Three years later and Chris spent the night performing with his beard, giving Americans what they crave so much: authenticity. That’s the secret behind the dreaded “A Star Is Born” reboot, it is the one thing in the age of Trump that both the Red States and the Blue States want. We might be able to fool themselves that the weakest in society are a threat, but can’t convince ourselves that fear mongering is a real, cowboy, God and country, frontier vibe: we need somebody to wash the stench of cowardice off us. It has sullied the USA’s sense of itself as a force for good and so Chris represents something pure: a man who emerged from his blue collar, lung blasted, coal mines hometown to stardom, pulled through by his father and father’s father, into the the exquisite preset for American male artistry: country singer.

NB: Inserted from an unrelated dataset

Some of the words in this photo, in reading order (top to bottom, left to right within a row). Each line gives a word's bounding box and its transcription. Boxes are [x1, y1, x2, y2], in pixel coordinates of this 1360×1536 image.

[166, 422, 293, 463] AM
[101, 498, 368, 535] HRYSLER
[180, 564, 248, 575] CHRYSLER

I missed Brent Cobb, but did see Marty Stuart & the Fabulous Superlatives for the second time in a little over a month. Marty performed with Roger and Chris Hillman at the “Sweetheart Of The Rodeo” gig in September, he held his own with the Byrds boys and was better than Chris last night: A genre spanning, head turning, guitar bursting half hour of everything we love about country and country rock. When he joined Chris halfway through Chris’ set for “Now That’s Country”  and, in one of the truly great moments, Rodney Crowell’s “I Ain’t Livin’ Long Like This,” Chris was  a good sport and he shared his stage with generosity and Marty took it and played fire with fire. Chris was rewarded momentum that pulled him to a two song acoustic moment that made sense of his phenomenal success. “Whiskey And You” and “Drunkard’s Prayer” was where Chris stepped back from his relentlessly disinteresting blues country boogies, and caught the songs in mid-flight. The band returned to the stage for his most recent hit “Broken Halos”.

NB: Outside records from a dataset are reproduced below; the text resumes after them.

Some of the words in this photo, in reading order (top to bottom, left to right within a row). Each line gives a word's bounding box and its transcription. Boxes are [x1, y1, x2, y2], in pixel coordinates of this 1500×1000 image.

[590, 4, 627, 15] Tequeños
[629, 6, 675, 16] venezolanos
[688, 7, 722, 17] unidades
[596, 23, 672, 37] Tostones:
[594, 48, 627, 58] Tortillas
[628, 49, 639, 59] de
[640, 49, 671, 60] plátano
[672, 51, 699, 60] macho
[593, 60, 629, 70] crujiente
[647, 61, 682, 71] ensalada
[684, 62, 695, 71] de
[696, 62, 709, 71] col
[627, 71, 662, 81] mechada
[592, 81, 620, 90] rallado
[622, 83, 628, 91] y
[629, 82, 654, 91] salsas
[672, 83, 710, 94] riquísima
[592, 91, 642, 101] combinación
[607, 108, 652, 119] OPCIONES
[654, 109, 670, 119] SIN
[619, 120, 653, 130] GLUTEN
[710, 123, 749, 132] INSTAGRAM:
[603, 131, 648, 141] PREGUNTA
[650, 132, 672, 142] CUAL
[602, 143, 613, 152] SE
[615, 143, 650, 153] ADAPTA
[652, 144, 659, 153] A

As is clear from his live performance, Stapleton is not a natural frontman. Yes, he can speak to his audience, told a sweet story about performing at Mercury Lounge during his first trip to nyc, and also about playing at a John Lennon tribute at Hulu Theatre, right below us, and imagining playing at the Garden main stage. MSG was sold out and it must have been gratifying (albeit not that gratifying). But he is an introvert, singing to his wife and back up singer Morgane Stapleton, he is not quite ready for his close up. The tenor rumbles and so does the band, but there is something missing underneath. He is the real deal and has the voice for it, and some of the material, as a non fan songs as good as “Them Stems,” “Millionaire,” a good ol’ sing along to “Fire Away,” are revelations, and yet they aren’t fulfilling. He skirts jamming out, and he allows his voice that embodies everything with layers of sincerity, to do the work.  Yeah, yet when I saw Justin Timberlake at the same venue (Chris co-wrote three songs on Man Of The Woods), Justin came across as more sincere. Hey, Luke Bryan came across as more sincere.

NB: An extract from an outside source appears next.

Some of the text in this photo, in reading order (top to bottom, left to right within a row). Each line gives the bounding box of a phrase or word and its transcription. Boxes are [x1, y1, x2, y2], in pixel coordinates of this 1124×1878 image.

Chris keeps evoking Johnny, Merle and Waylon, but can’t emulate them, he lacks that thing in his DNA that makes him more than an ace songwriter for other artists, an ace who got lucky and could sell em all on cowboy hat and heft.  Listening to his thunder through “A Drunkard’s Prayer,” I don’t believe the “I wish that I could go to church but I’m too ashamed of me”. I don’t believe him at all. And if he can’t sell that then what makes him anything more than Bradley Cooper with a longer beard?